Abstract

A
A 10-minute walk separates Norris, one of the 11 Dedicated Cancer Centers in the United States (hospitals that only provide cancer care), and LAC+USC, one of the nation's busiest public medical centers. The ground floor of Norris contains an aquarium with tropical fish, floor-to-ceiling wall fountain, and small chapel with stained glass. It is a remarkably calm hospital. By contrast, the adult oncology clinic at LAC+USC is across from the bustling ED with its perpetually overcrowded waiting room and entrance hall with stationed security guards and metal detectors. The hospital feels exciting and overwhelming at once. Cancer patients receive the same treatment protocols and drugs, and are cared for by the same physicians at the two hospitals. On paper, their outcomes should not differ significantly, but for cancer patients who return to the same place and physicians for months or years, the care environment matters. 1
I first met with a young woman at Norris. The patient was in her late 20s when she was diagnosed with stage IV cancer and had no family history of cancer. She was receiving chemo while we spoke, sitting in an oversized brown leather recliner. Although it took her nearly two hours each way to drive to her appointments, she decided early on to stay at this cancer center because she liked her oncologist. It was her oncologist who called to relay test results and follow up on any concerns, and it was he who discussed fertility issues and genetic testing results with her as she was beginning treatment. Throughout the past two years, care decisions were discussed together, and this young woman felt cared for as an individual, as herself, not only as a cancer patient. Her oncologist had been a source of support, giving her hope in the process of her illness.

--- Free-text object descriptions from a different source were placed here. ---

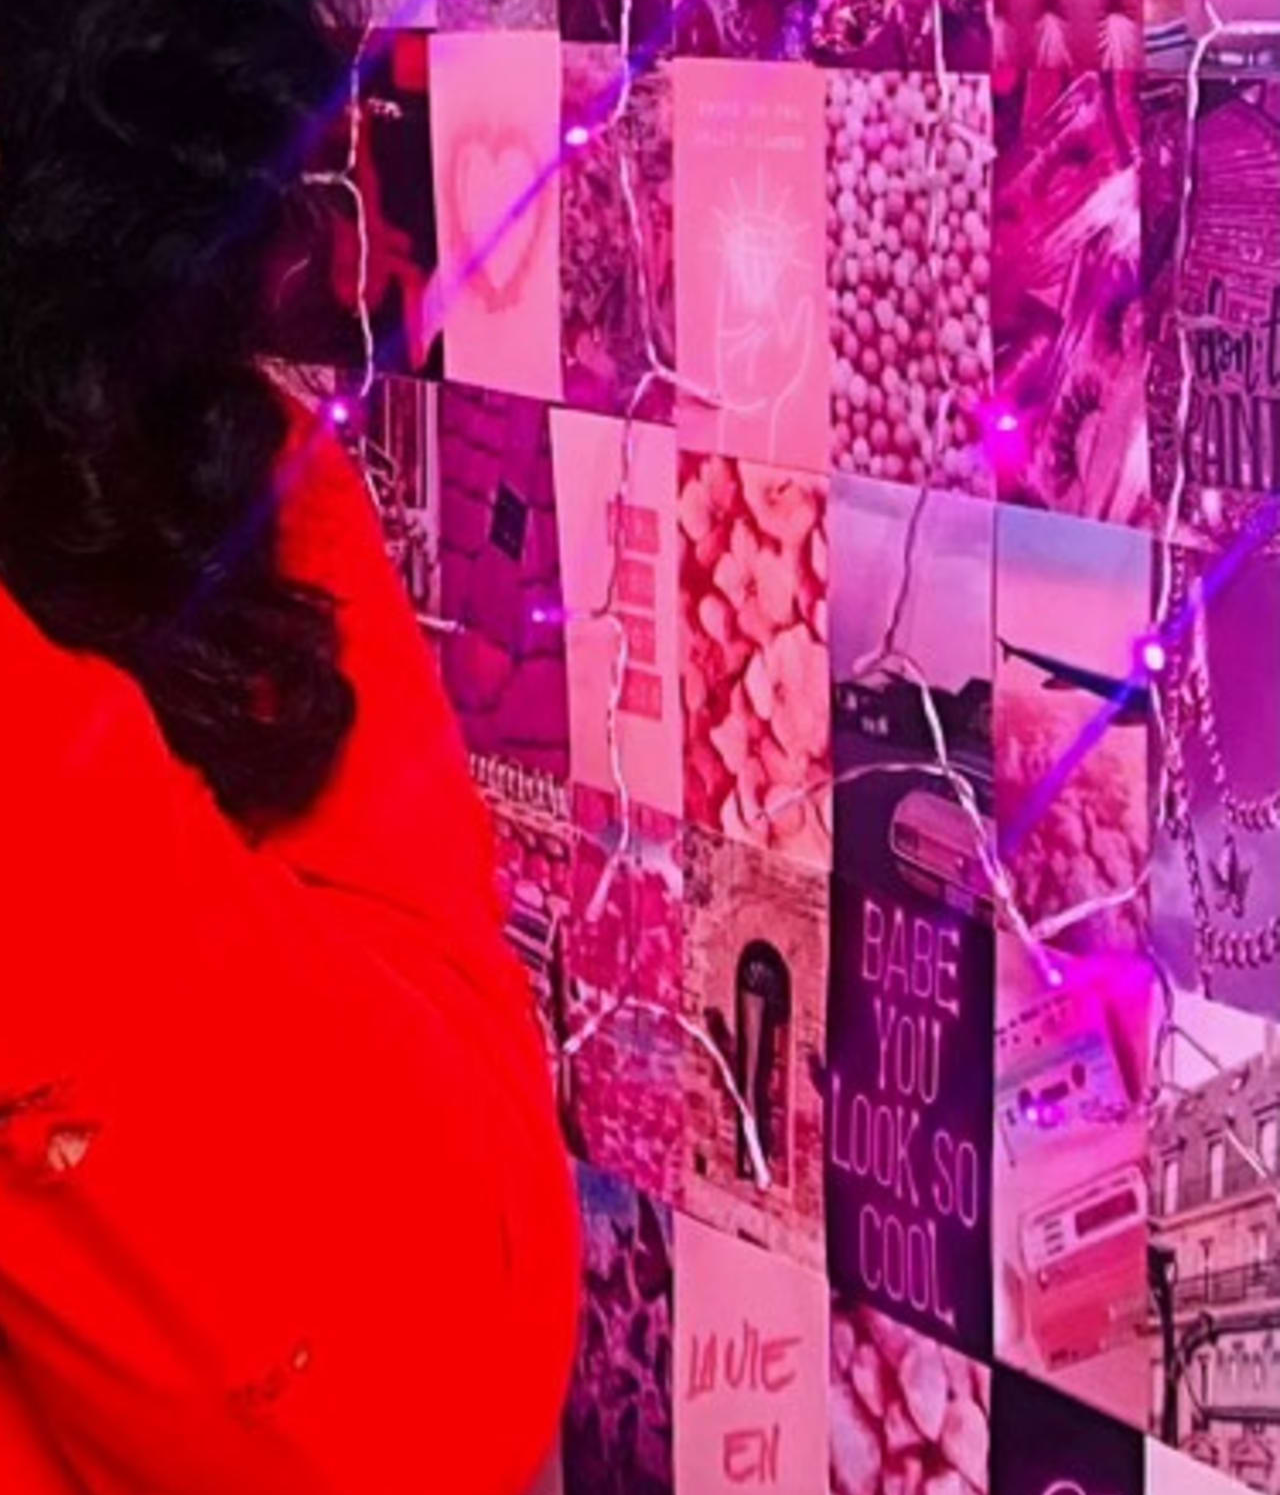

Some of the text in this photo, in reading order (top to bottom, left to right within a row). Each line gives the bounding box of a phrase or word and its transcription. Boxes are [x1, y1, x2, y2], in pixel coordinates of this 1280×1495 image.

[861, 899, 960, 1018] BABE
[873, 996, 942, 1105] YOU
[831, 1072, 979, 1230] LOOK SO
[859, 1202, 957, 1331] COOL
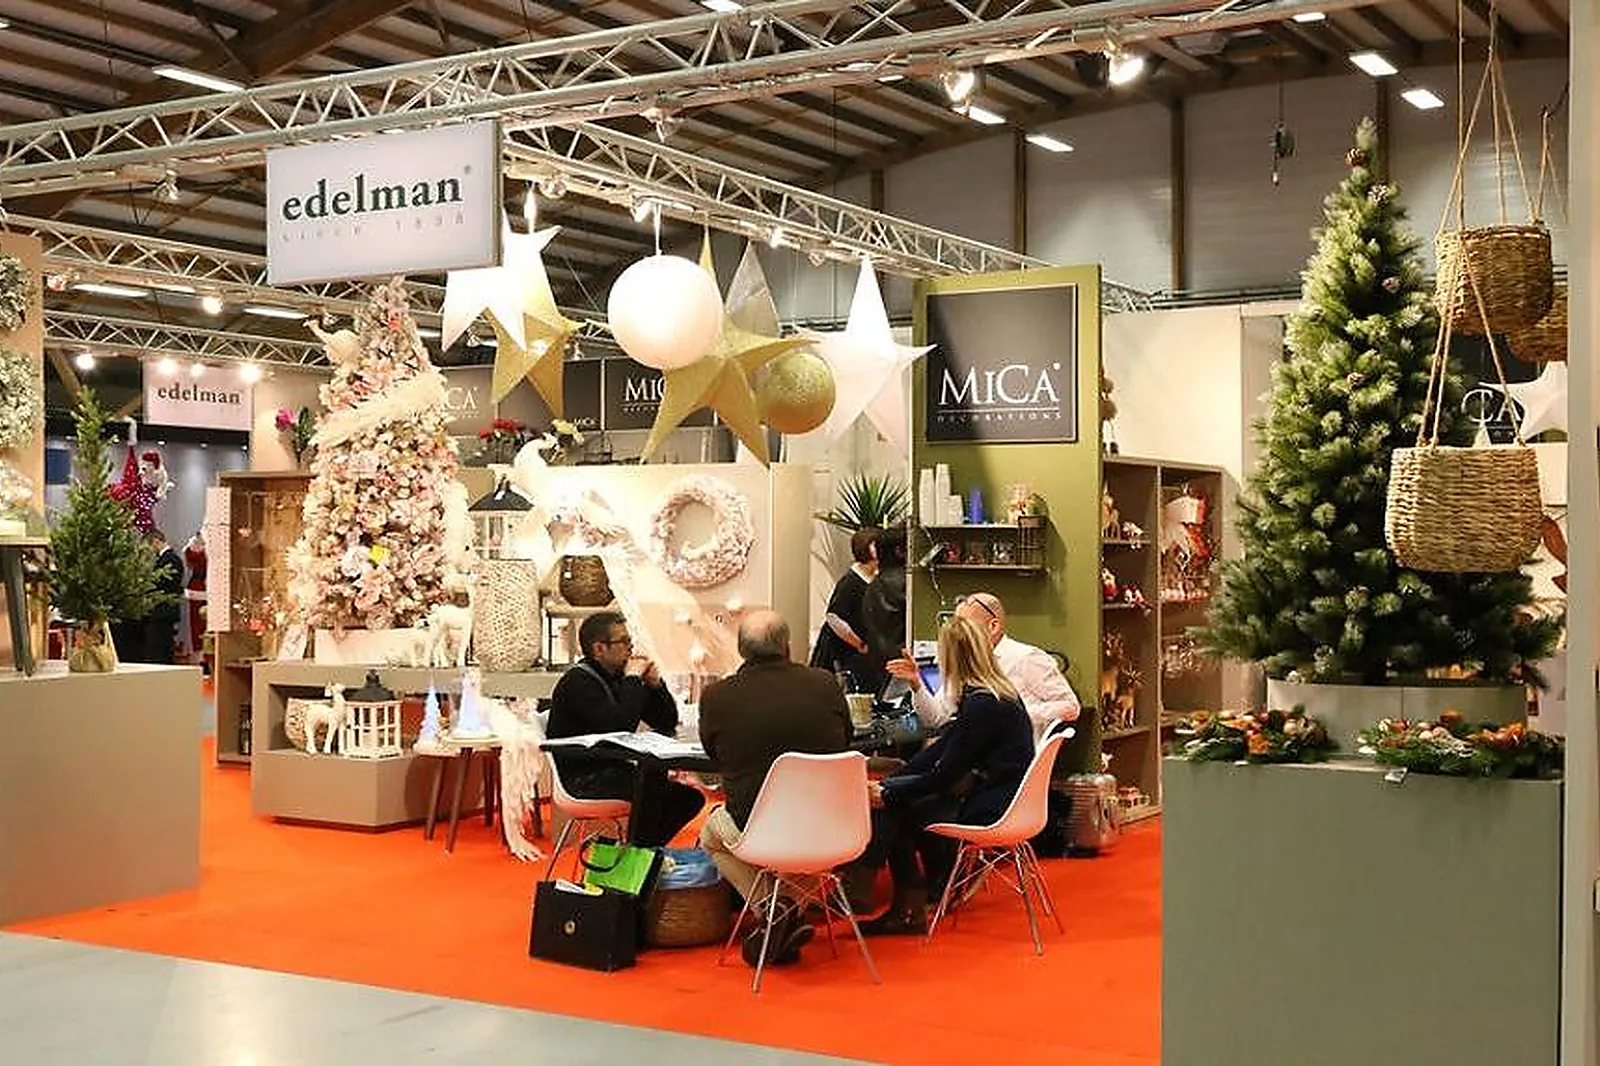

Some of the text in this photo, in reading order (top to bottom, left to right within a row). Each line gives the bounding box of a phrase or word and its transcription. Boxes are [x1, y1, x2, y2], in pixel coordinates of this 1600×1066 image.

[282, 173, 463, 221] edelman
[157, 382, 242, 404] edelman
[624, 376, 665, 401] MI
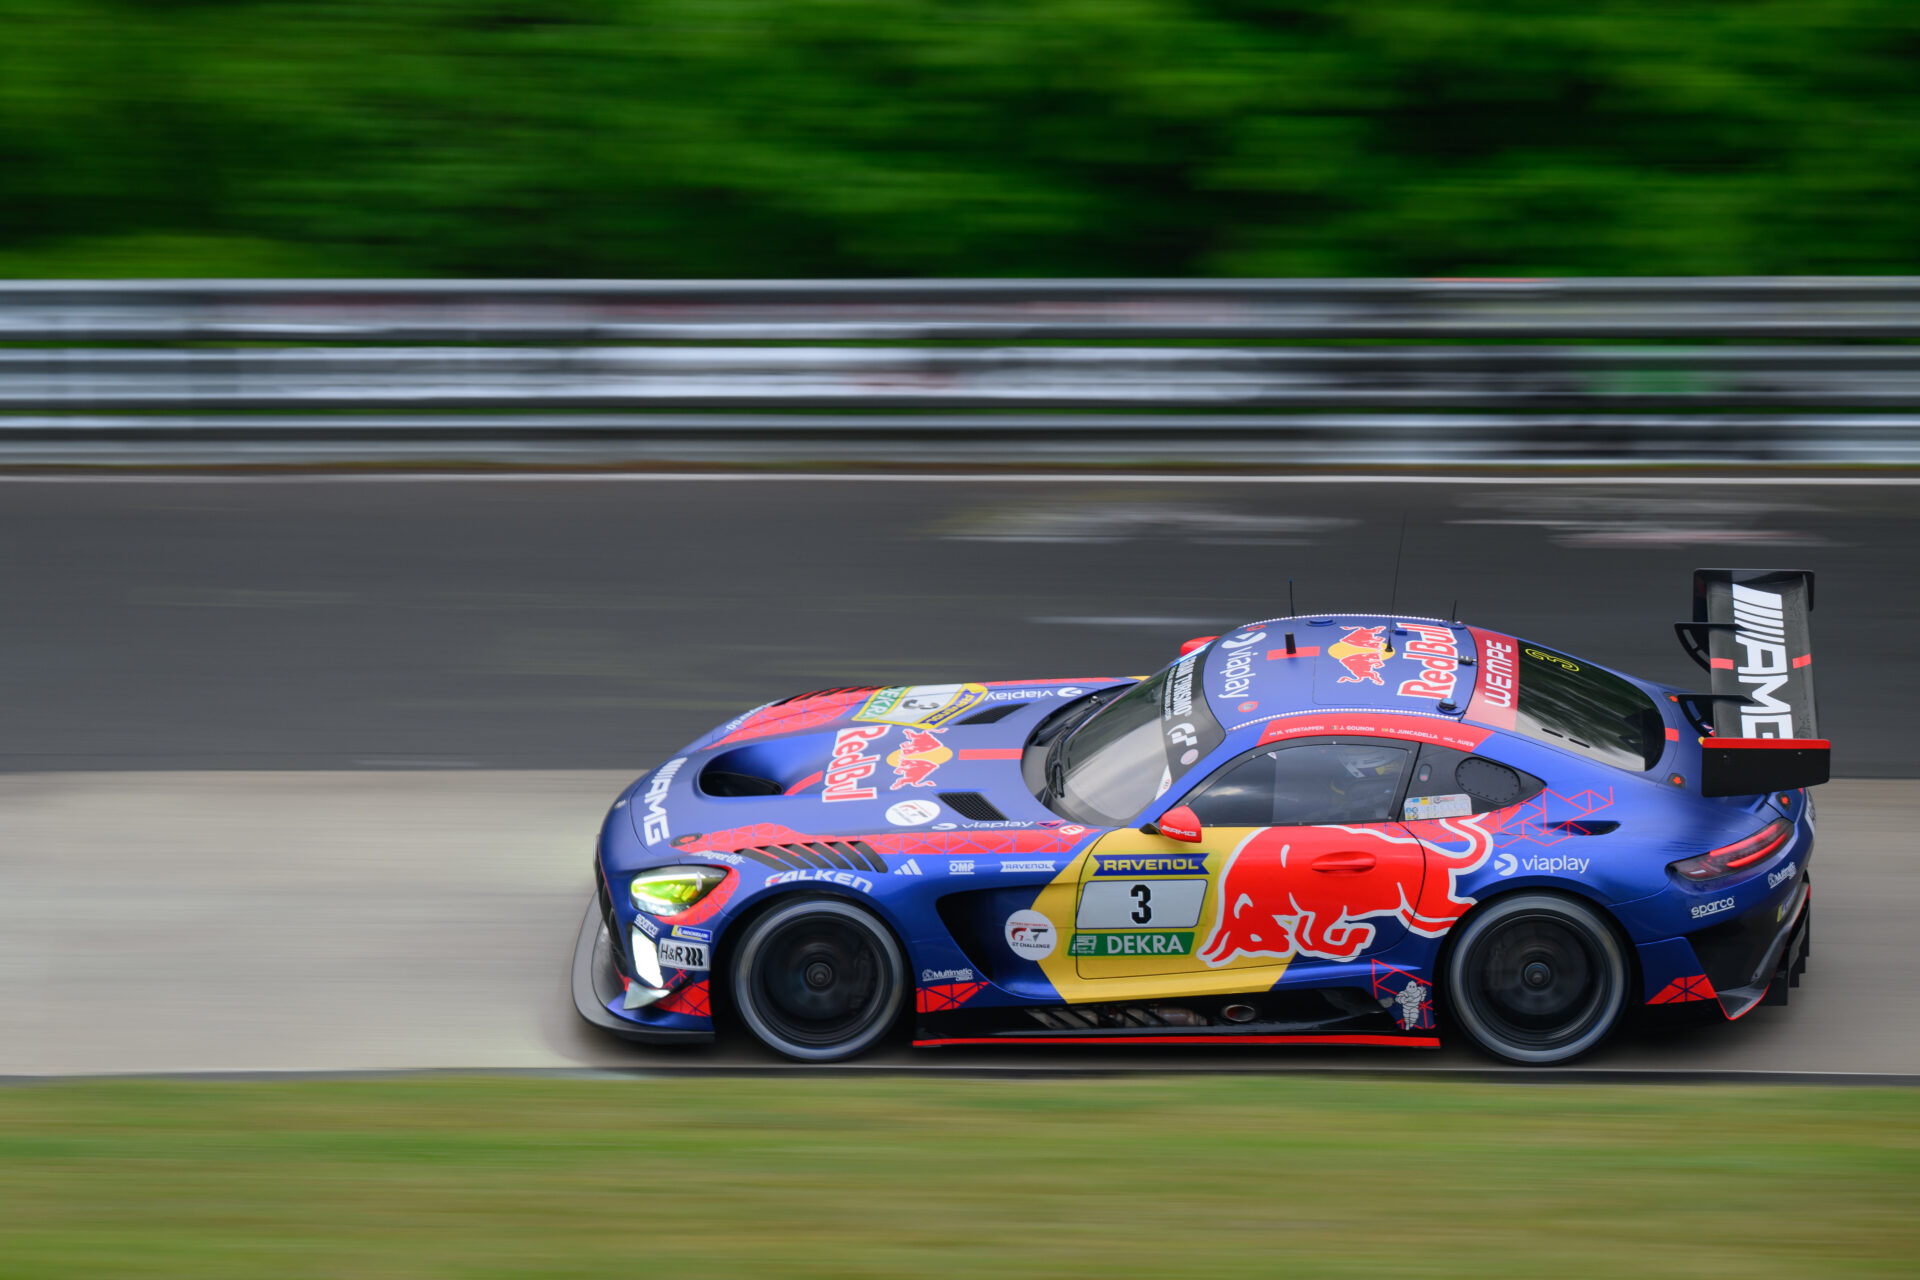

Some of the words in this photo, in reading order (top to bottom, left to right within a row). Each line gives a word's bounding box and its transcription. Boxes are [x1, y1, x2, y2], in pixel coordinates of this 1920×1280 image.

The next week I met with a patient at LAC. She had been diagnosed with stage IV cancer and underwent an emergency surgery a year prior, while in her early 30s. She had state-of-the-art testing of her tumor and was offered treatment on clinical trials. We spoke about her experience in a clinic room, she on a hard chair, me on a stool. This patient expressed confidence in the physicians treating her and appreciation for her care, but her frustrations with the public system and its impact on her cancer journey were clear. Residents and fellows rotating through the clinic would see her on different days depending on their set schedules. She said the physicians she saw were all kind, caring, and knowledgeable, but it was stressful and impersonal not knowing which doctor would be seeing her at each appointment. She had not been seen consistently enough by the same oncologist to develop a true bond, and had come to terms with her mortality on her own rather than as part of a patient-physician team. Her understanding of her illness and her care decisions were based more on her family's cancer history.
The two young women I met with did have many similarities. Like all AYA cancer patients, both have had to face illness and mortality earlier than they ever thought they would. Both have struggled with depression since their cancer diagnoses, have undergone surgeries and multiple rounds of chemotherapy, found themselves feeling isolated as the youngest by decades in cancer support groups, and wished they had more opportunities to connect with other AYA cancer patients. Their stories should not be that different, but my overall impression was that one young woman felt more truly cared for than the other, and that her cancer experience had been a little easier because of that.
With the advent of molecular targeted therapies, the field of medical oncology has revolutionized. Through targeted therapy, oncology is becoming more effective and, theoretically, more patient centered. Academic oncologists are tasked with teaching the next generation the clinical significance of identification and translation of molecular pathways in diagnosis and management of cancer patients. These changes must not come at the expense of teaching the art of practicing oncology, of building a dependable oncologist-patient relationship.
The support offered by a strong patient-oncologist relationship is especially important to our disadvantaged patients. Despite our best efforts to give them access to the same clinical trials, drugs, surgeries, and doctors, these patients are not receiving equitable care. Although the ideal continuity-based oncologist-patient relationship is hampered by the scheduling constraints of our busy public hospitals, we must take ownership of our patients and make an effort to invest in a doctor-patient relationship even if we do not expect to see them again. Despite our increasingly tailored treatments, we will not offer the best care to our cancer patients unless we invest the time and energy to discuss, to listen, to talk with, and to care for each patient as an individual. We should focus on patient-centered care with a goal of engaging all patients and their families in meaningful relationships with their physicians and larger health care teams.